Something beautiful died...
Something beautiful died inside of me tonight. It hurts so much... I feel like I'm at the edge of a cliff. Take the fall, and end the hurt? I know I can't... I could never do that...

Almost a year ago, I met someone very dear to me. And our paths crossed so blindly. He just happened to wander by me when I was sitting alone, and he decided to give me his attention. I had not thought of him as anything special when we began to talk. He instantly took my heart though. He was so different from anyone else I had ever met. But... even though I had fallen for him... he was supposed to be off my radar. He was no single passing by to look for love. He was taken, out of my clutches, never to be in my arms. But... he had fallen in love with me as well. We couldn't really stay away from one another. I was always excited to see him, and I took advantage of it. I didn't realize how much he had also fallen for me... Soon, he was mine. I loved him so much, I would have done anything and everything to make him happy, to give him joy. He was the positive to my negative, and I was the leash on the mutt of him that tried to keep him in line. And one day, I decided to go away for a while. I had told him he would always be my Romeo, and I his Juliet. But... I had gone away for too long. It was terrible of me to have not written to him, to ask him how he was and tell him I loved him. And the day finally came where I was back, and we wanted to see eachother. We enjoyed the evening together, and I was bubbly with happiness in his presence. But... he had told me he had found someone else. My carelessness to write to him had cost the love he had for me. I was so dumbfounded, so surprised, so jealous, so angery... so lost. All evil emotions filled my head as I wept in his arms...

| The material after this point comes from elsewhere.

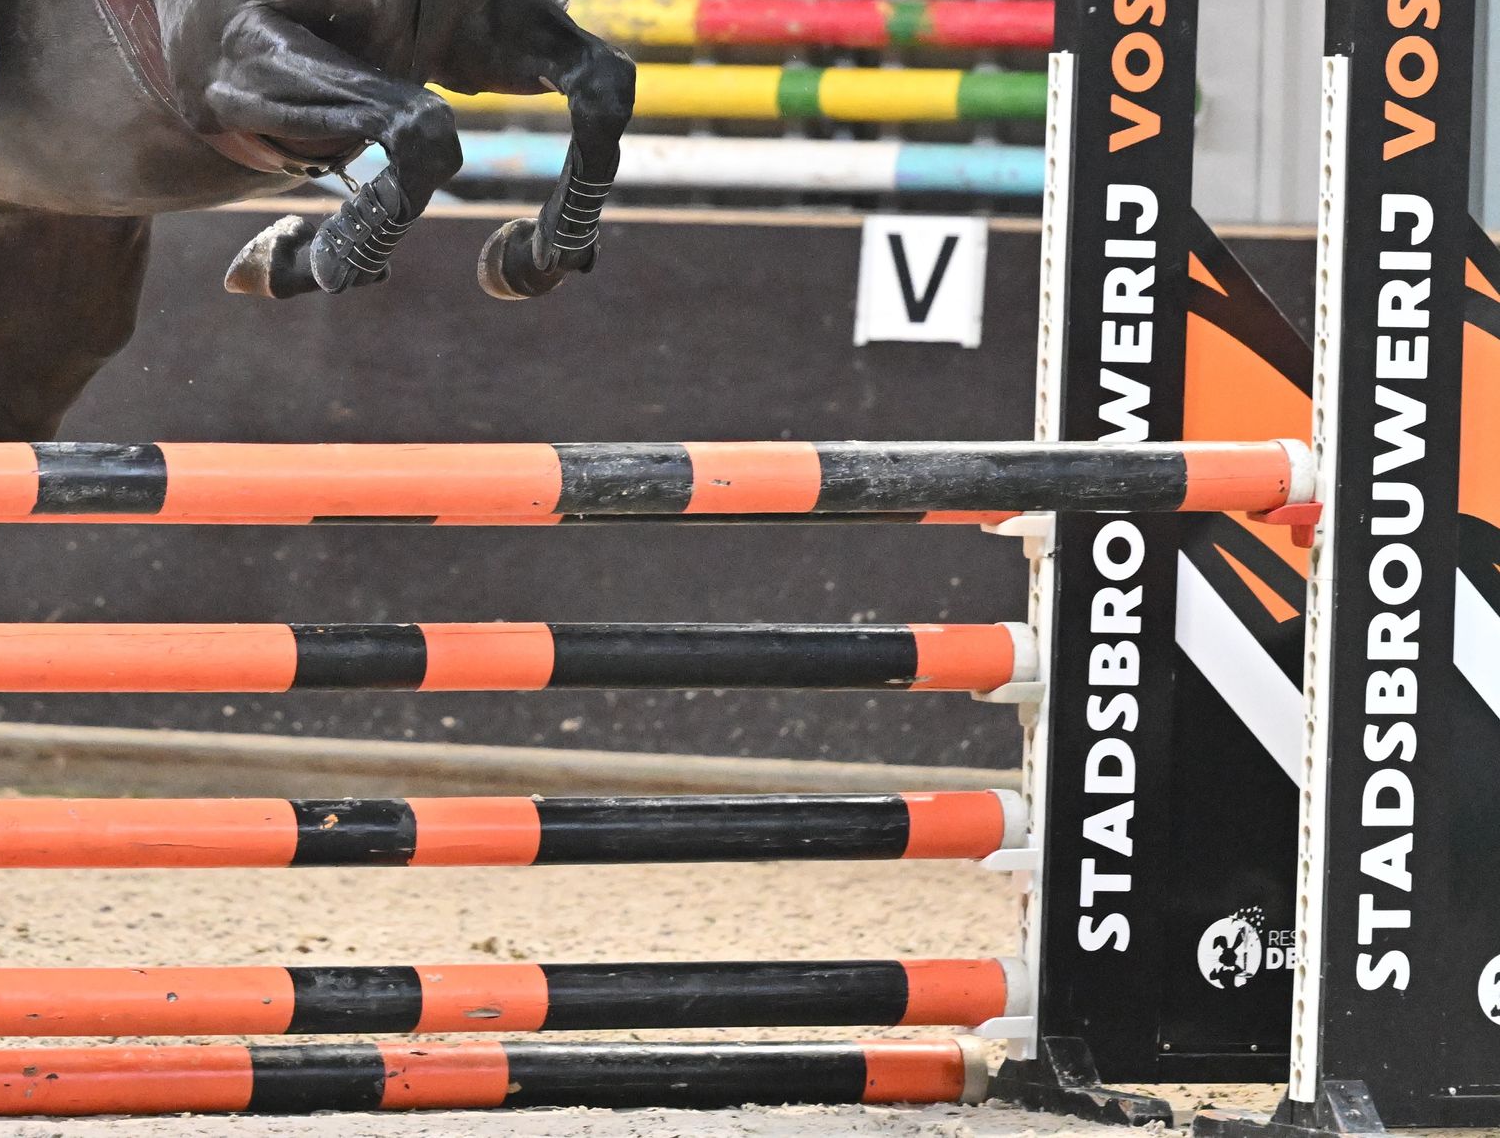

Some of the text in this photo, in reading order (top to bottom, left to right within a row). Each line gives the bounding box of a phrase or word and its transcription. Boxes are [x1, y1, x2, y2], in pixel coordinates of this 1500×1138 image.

Now, I do not know if he wishes to see me ever again. If he really wants to move on with his new Juliet, and forget me...
Maybe it would be easier for him that way. But I cannot deny that I still love him as passionately as ever. He may not see me again, he may lose every ounce of love he has left to me, and he may forget me. But he will always have a special place in my heart, and I shall never forget, and I shall love him as deeply as ever.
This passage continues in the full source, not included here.